Common Science

I can’t believe I’m really writing a science column about why people shouldn’t consume laundry detergent. It’s disheartening to see our youth so swayed by memes and internet culture, but my ethics won’t let me stand idly by, so I’m here to present you with the real, scary reasons you should not eat soap. 

However, it’s not totally weird that you might want to try one of those little pods. They’re colorful, aesthetically pleasing and they smell like meadows and springtime. According to neuroanthropologist John Allen, candy is made with bright colors to attract children, and the association of those colors with sweet food never really goes away. Tide Pods also soft, squishy and bite-sized, suggesting it is something like a Fruit Gusher that you can pop in your mouth and chew. 
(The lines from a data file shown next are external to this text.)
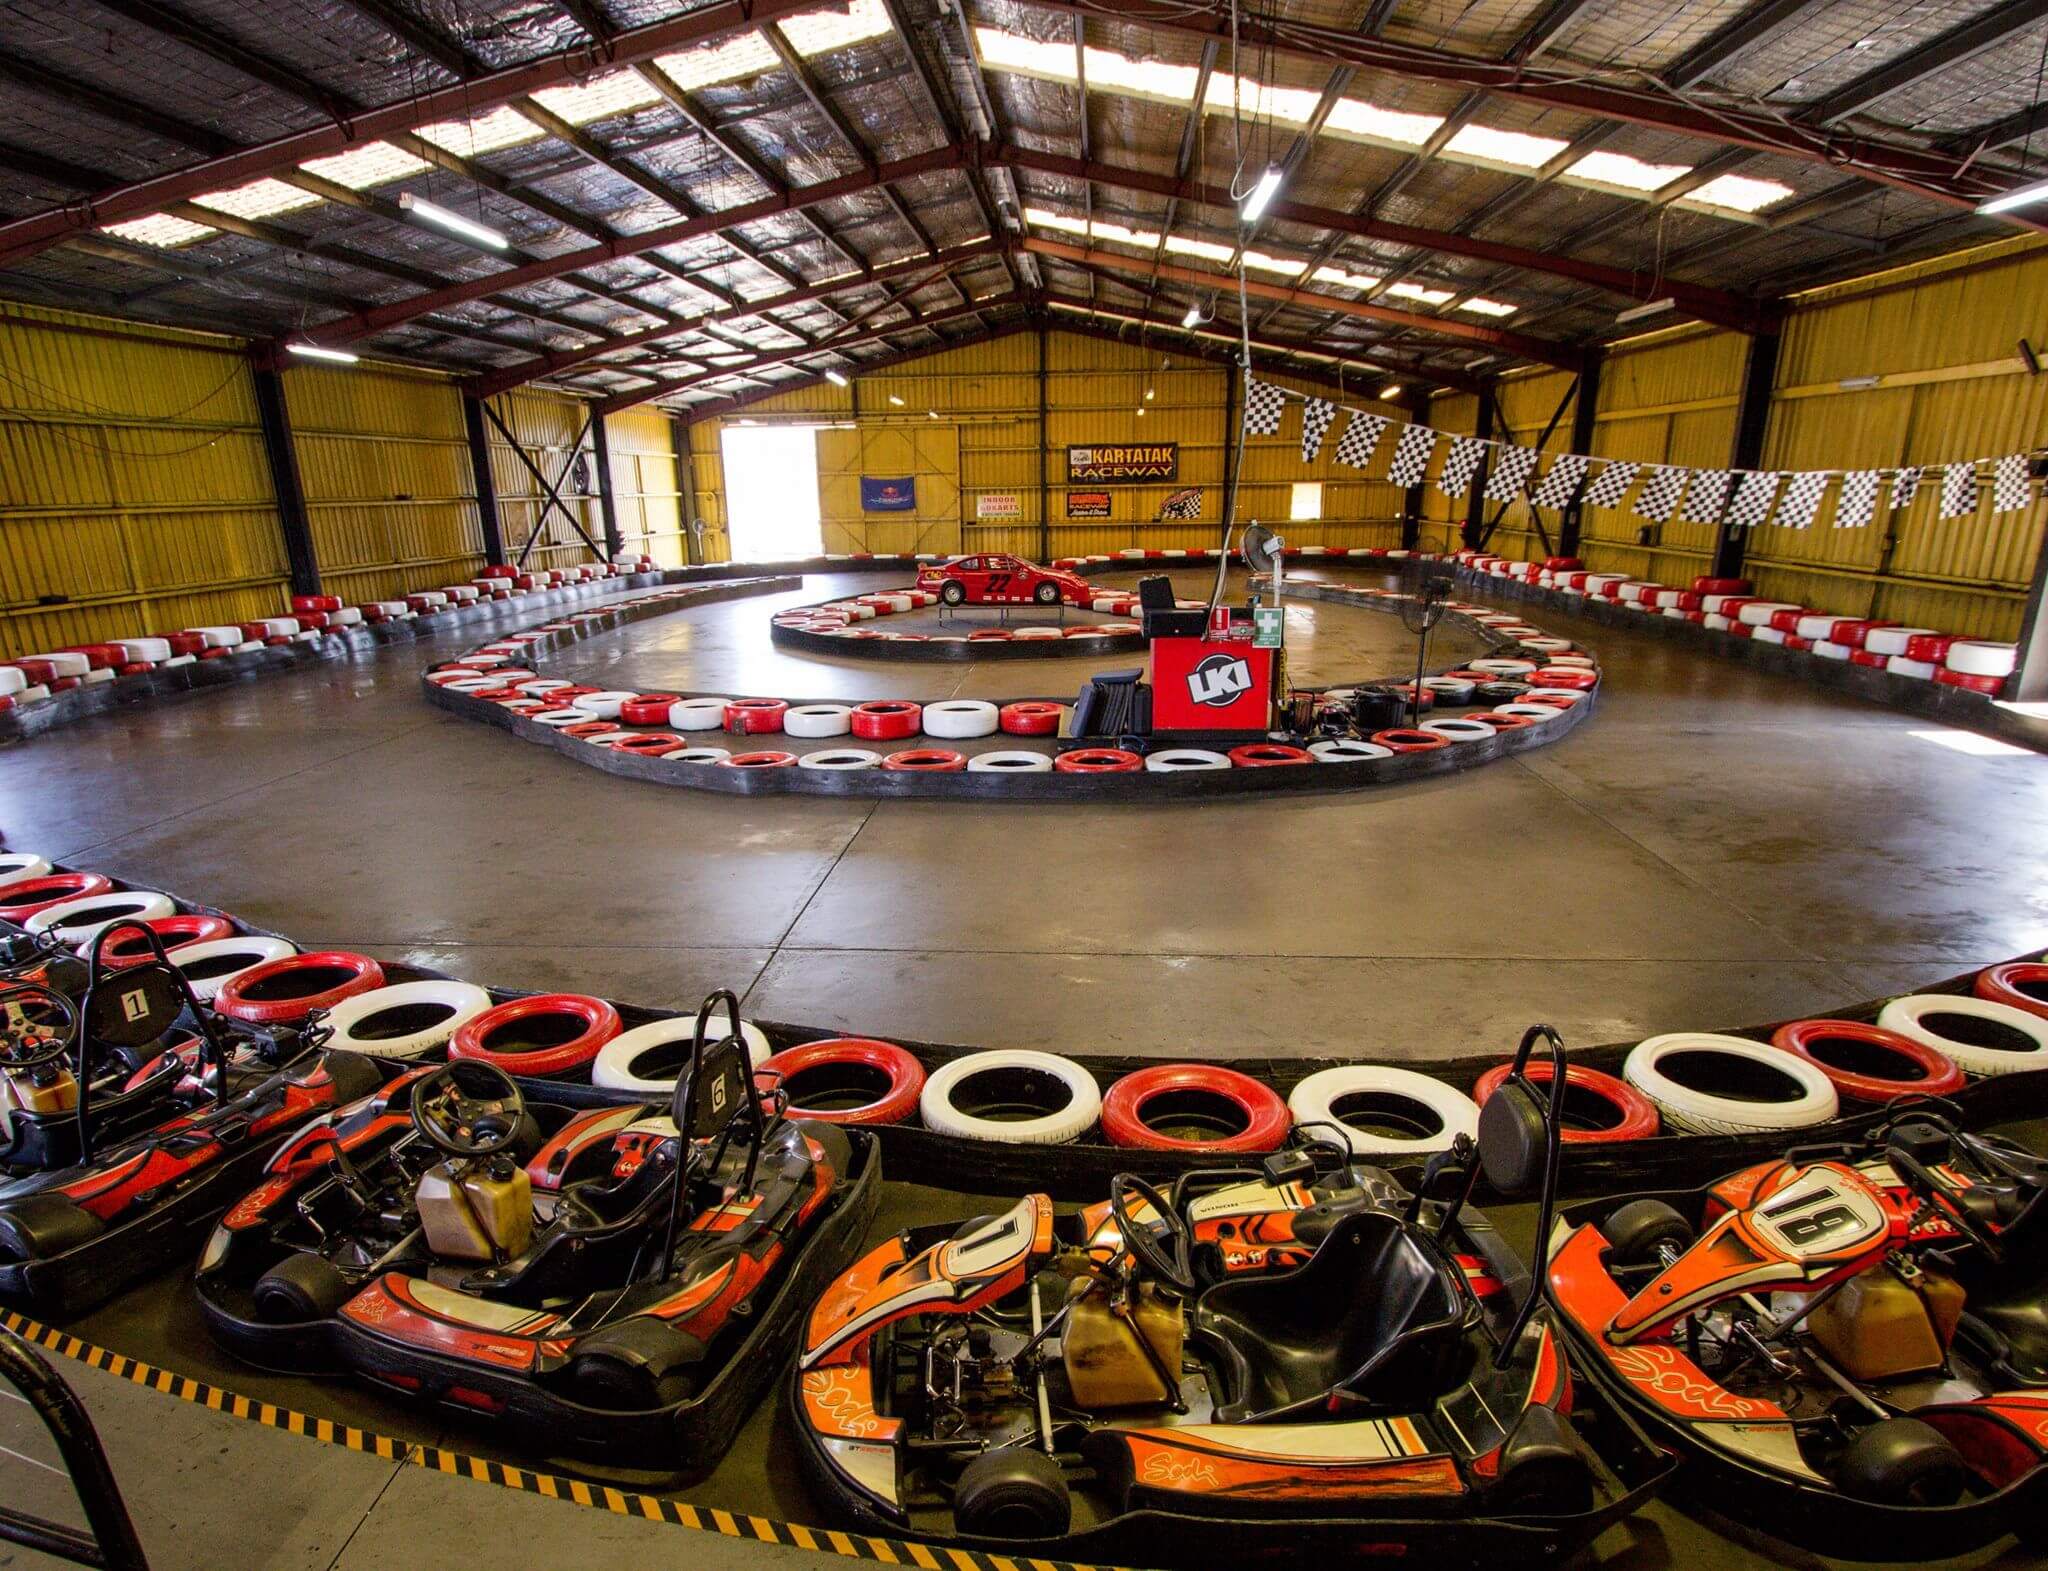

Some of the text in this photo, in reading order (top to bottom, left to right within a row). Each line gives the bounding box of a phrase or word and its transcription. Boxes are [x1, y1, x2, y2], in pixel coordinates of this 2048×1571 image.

[1092, 448, 1173, 464] KARTATAK
[1071, 466, 1173, 478] RACEWAY
[984, 573, 1012, 593] 22
[1187, 659, 1252, 704] LKI
[127, 993, 146, 1018] 1
[714, 1078, 724, 1106] 6
[1757, 1185, 1868, 1248] 18
[1143, 1451, 1220, 1488] Sodi
The hysteria supposedly began in 2015 when the satirical publication the Onion posted a perspective piece from a child who promised to consume a Tide Pod. Last March, CollegeHumor posted a similar video. More recently, jokes about eating the cute little blobs have appeared on social media, including ideas about putting them on pizza or arranged nicely on dinner plates. Even Sen. Chuck Schumer said, “I don’t know why they make them look so delicious.” 

They might look mouthwatering, but they will literally burn your mouth instead. Do not eat them. In the first half of January alone, poison control centers dealt with 39 cases of teenagers who intentionally consumed the detergent, according to the New York Times. For comparison, there were only 53 cases in all of 2017. 

According to Dr. Diane Calello, medical director of the New Jersey Poison Information and Education System, the pods contain more than just soap. They also have a variety of highly concentrated chemicals, covered in a dissolvable wrapping. 

“What we’ve seen is when children or adults bite into these things, that moisture-sensitive membrane basically just disintegrates and the contents explode inside your mouth,” Calello said via phone to the New York Times. “This is not something I would put anywhere near someone’s mouth.” 

The chemicals can cause severe burns to the mouth, esophagus and respiratory tract. In extreme cases, some very young and very old patients with cognitive issues have died as a result of eating the pods. 

According to pediatric physician Jana Anderson, regular liquid detergent would cause a mild upset stomach, but the pods are far more potent. In addition to a very alkaline (basic) chemical, depending on the type of pod, it will also contain softener or bleach. 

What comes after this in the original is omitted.